*The problem*:
Please retype the listing below exactly as it stands, skipping any pictures.
= = = =
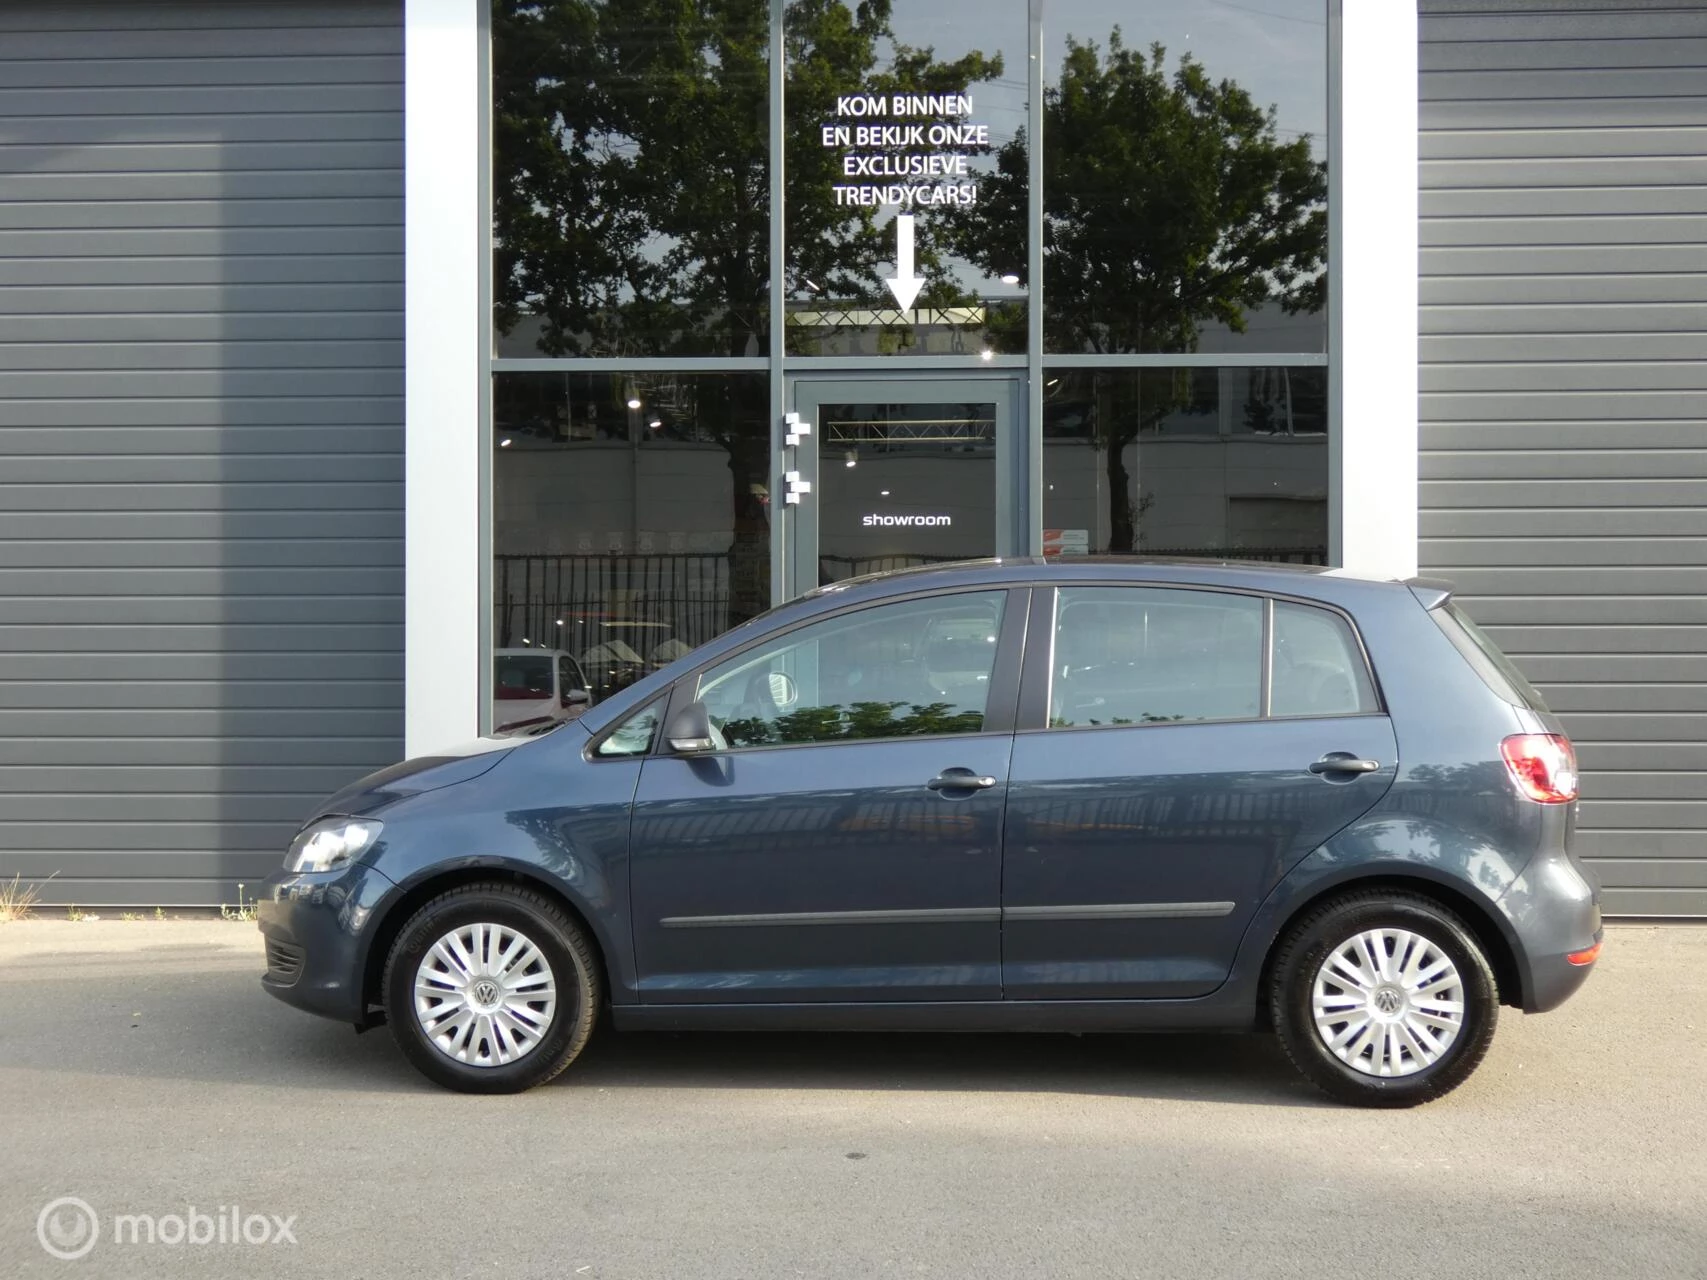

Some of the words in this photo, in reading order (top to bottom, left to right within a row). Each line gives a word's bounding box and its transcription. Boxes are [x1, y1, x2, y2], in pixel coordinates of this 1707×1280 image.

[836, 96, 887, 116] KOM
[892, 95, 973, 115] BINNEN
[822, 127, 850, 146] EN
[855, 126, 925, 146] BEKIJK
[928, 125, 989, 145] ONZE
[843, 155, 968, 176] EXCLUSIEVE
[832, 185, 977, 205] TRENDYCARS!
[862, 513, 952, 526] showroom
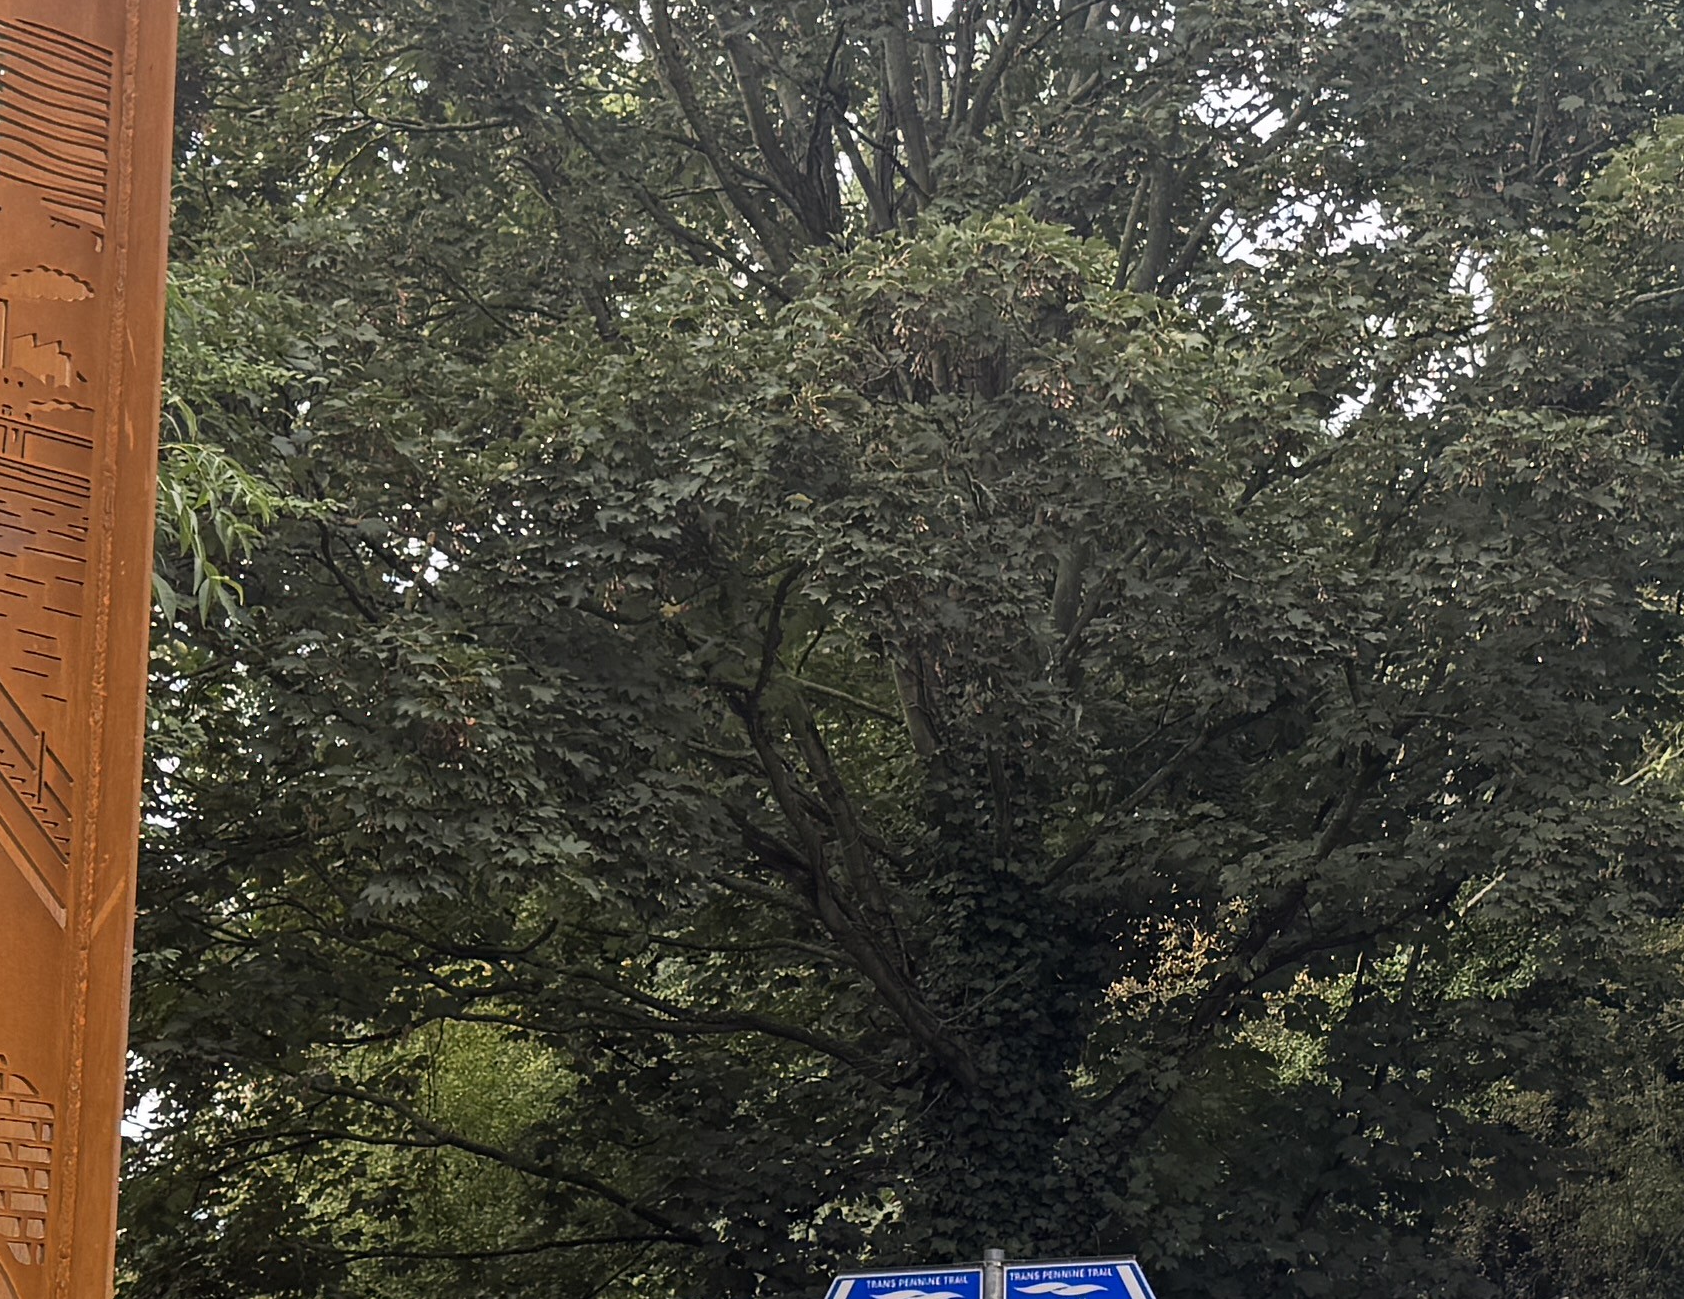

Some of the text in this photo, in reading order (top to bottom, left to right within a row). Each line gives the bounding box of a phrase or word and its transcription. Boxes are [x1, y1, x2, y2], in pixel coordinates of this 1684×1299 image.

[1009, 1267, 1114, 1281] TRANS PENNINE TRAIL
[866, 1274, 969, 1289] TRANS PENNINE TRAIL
= = = =
*Result for this exercise*:
Some of the words in this photo, in reading order (top to bottom, left to right within a row). Each line gives a word's bounding box and its transcription. Boxes are [x1, y1, x2, y2], in pixel coordinates of this 1707×1280 image.

[836, 96, 887, 116] KOM
[892, 95, 973, 115] BINNEN
[822, 127, 850, 146] EN
[855, 126, 925, 146] BEKIJK
[928, 125, 989, 145] ONZE
[843, 155, 968, 176] EXCLUSIEVE
[832, 185, 977, 205] TRENDYCARS!
[862, 513, 952, 526] showroom

Some of the text in this photo, in reading order (top to bottom, left to right within a row). Each line gives the bounding box of a phrase or word and its transcription. Boxes are [x1, y1, x2, y2], in pixel coordinates of this 1684×1299 image.

[1009, 1267, 1114, 1281] TRANS PENNINE TRAIL
[866, 1274, 969, 1289] TRANS PENNINE TRAIL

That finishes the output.